The Beatles – Magical Mystery Tour (1967)
- steveburnhamuk
- 3 hours ago
- 3 min read

More charity shop purchases continue for the next few, and this one continues my gradual acceptance that the Beatles might have had some impact on modern popular music.
This album wasn't officially released at the time in UK, the soundtrack to the Magical Mystery Tour being released in UK as a double 45 rpm EP.
In the USA, however, it was released as an album, with one side being the Magical Mystery Tour, and the second collecting together the 1967 Beatles' singles. This is the 1987 CD release of the album version, so let's have a listen.
Firstly, the soundtrack songs, Magical Mystery Tour acting as the overture in much the same way that Sgt Pepper did, followed by The Fool On The Hill, a lovely McCartney song, which to me sounds crudely arranged, especially the recorder solo. In fact, arrangement and recording of great songs feels lacking on this album as a whole. I've never been a fan of letting the orchestra in to the pop / rock song, so much of the Beatles' catalogue suffers in my ears from this.
Of course, what this (and Sgt Pepper) reminds us is that the Beatles did grow up in the era of musicals and show tunes, where such orchestration was the norm.
Flying is a throwaway instrumental (the first writing credit to all four Beatles) and Harrison's Blue Jay Way is interesting and psychedelic without being his finest moment. But to close this, we've got another McCartney music hall tune, Your Mother Should Know, pleasant enough and Lennon's psychedelic masterpiece I Am The Walrus, still replete with the playground chants which were still popular when I attended Dovedale Rd Primary School 20 years later (Yellowbelly custard, green snot pie, all served up with a dead dog's eye).
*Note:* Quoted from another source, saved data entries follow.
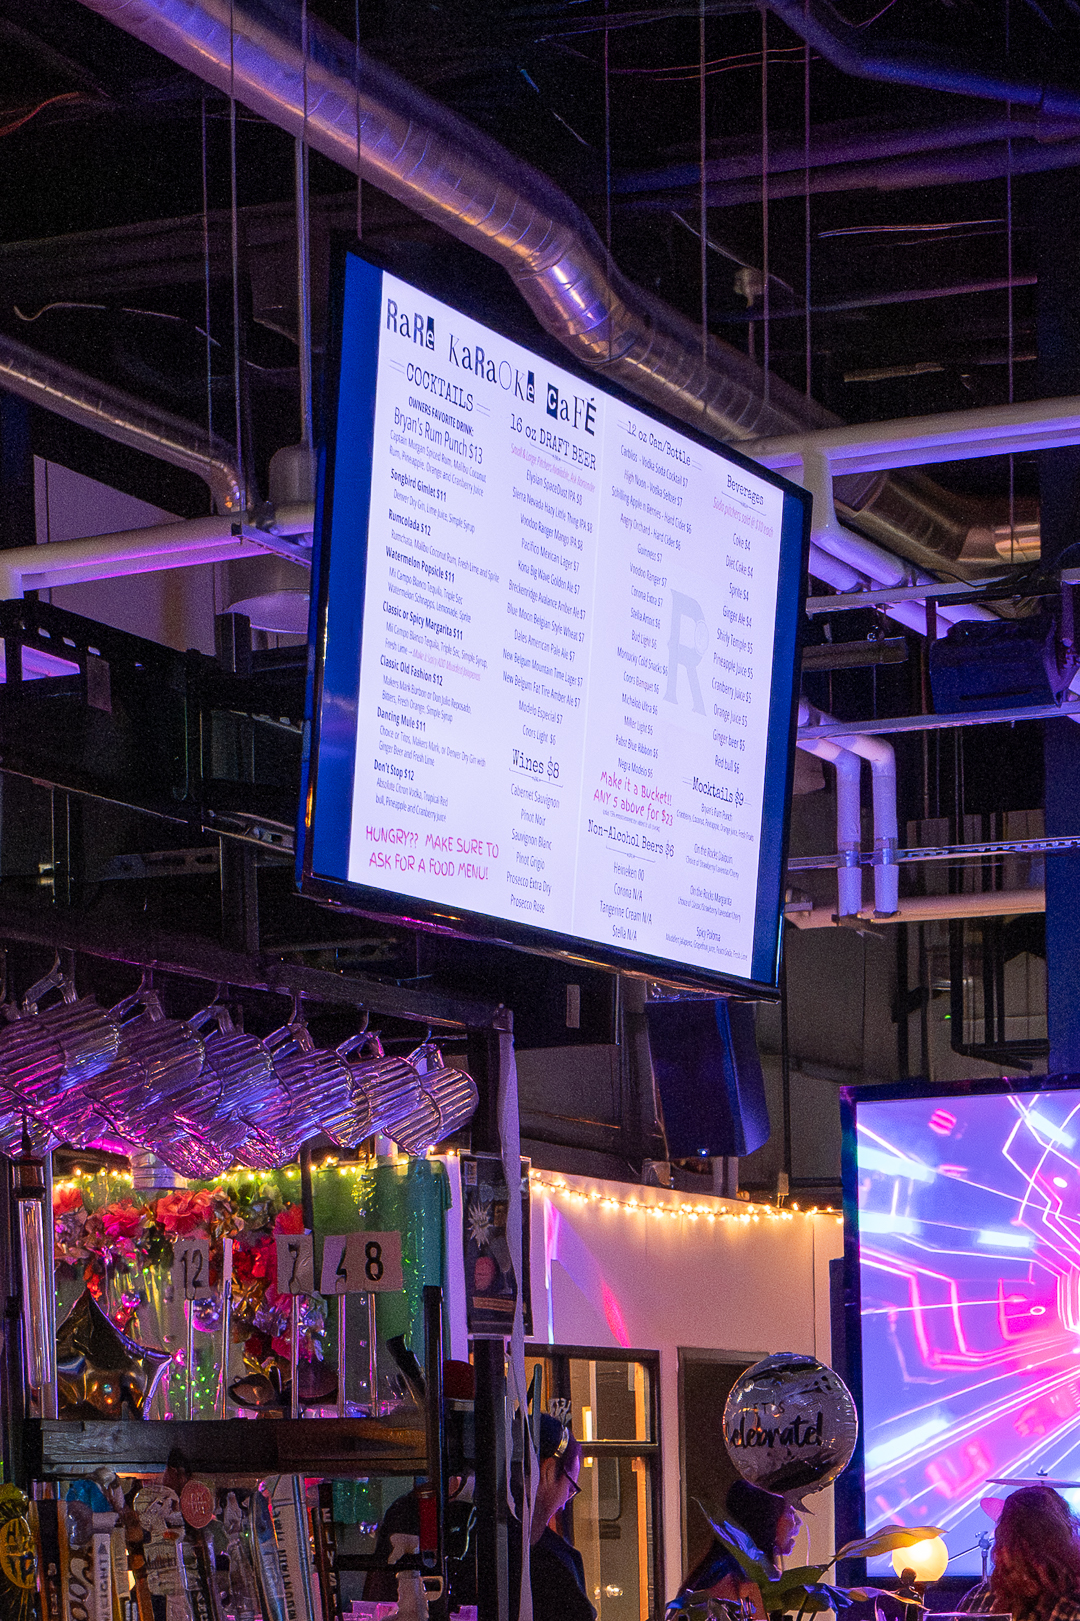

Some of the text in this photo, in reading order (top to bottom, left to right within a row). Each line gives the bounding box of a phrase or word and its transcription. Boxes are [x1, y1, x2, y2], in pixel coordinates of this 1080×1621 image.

[406, 362, 474, 412] COCKTAILS
[394, 406, 484, 465] Bryan's Rum Punch $13
[510, 412, 597, 471] 16 oz DRAFT BEER
[626, 420, 691, 467] 12 oz Can/Bottle
[390, 468, 447, 503] Songbird Gimlet $11
[727, 474, 764, 506] Beverages
[388, 508, 432, 537] Rumcolada $12
[421, 560, 445, 580] Popsicle
[444, 569, 456, 583] $11
[382, 600, 464, 641] Classic or Spicy Margarita $11
[380, 654, 444, 687] Classic Old Fashion $12
[377, 706, 427, 732] Dancing Mule $11
[373, 758, 415, 782] Don't Stop $12
[512, 748, 561, 781] Wines $8
[510, 783, 561, 810] Cabernet Sauvignon
[600, 771, 673, 807] Make it a Bucket!!
[692, 776, 745, 809] Mocktails $9
[520, 808, 547, 827] Pinot Noir
[593, 788, 612, 805] ANY
[612, 796, 619, 809] 5
[620, 799, 646, 817] above
[646, 802, 660, 821] for
[661, 809, 674, 827] $23
[365, 826, 500, 859] HUNGRY?? MAKE SURE TO
[511, 828, 553, 851] Sauvignon Blanc
[587, 819, 640, 848] Non-Alcohol
[641, 835, 665, 855] Beers
[664, 840, 675, 859] $6
[368, 851, 489, 881] ASK FOR A FOOD MENU!
[515, 851, 546, 873] Pinot Grigio
[506, 870, 553, 897] Prosecco Extra Dry
[510, 893, 546, 914] Prosecco Rose
[599, 899, 653, 925] Tangerine Cream N/A
[612, 924, 638, 941] Stella N/A
[180, 1248, 203, 1289] 12
[365, 1241, 384, 1281] 8
The second side compiles the 1967 singles, and what a year it was for the Fab Four. Kicking off with, possibly my favourite Beatles' song, the utterly joyous Hello Goodbye - watch this version of it by the Cure, with James McCartney on keyboards, and try not to smile, I dare you! Strawberry Fields Forever follows, not one of my favourites but the other side of it, Penny Lane means quite a lot to me. At the time we lived in a road off Penny Lane, and I crossed it every day to go to the aforementioned Dovedale Rd Primary School. My mum took me for haircuts at Bioletti's, the barber mentioned in the song. It seemed surreal that this ordinary suburban street where the sweet shop and chip shop were, was suddenly the subject of a number one hit song by the biggest group in the world. And it's still great! Baby You're A Rich Man, is next, a sold enough tune, originally released as B side to the final song, the glorious Lennon manifesto of the summer of love, All You Need Is Love.
I mentioned that I found the mix of this CD version a little disappointing, expecting as I was, a much brighter sound, but I suspect that's more about 1960s technology than any flaw in the CD release. That apart, it's a fine album, showing both the showbiz musicals side of the Beatles, as well as their nose for a great hit single.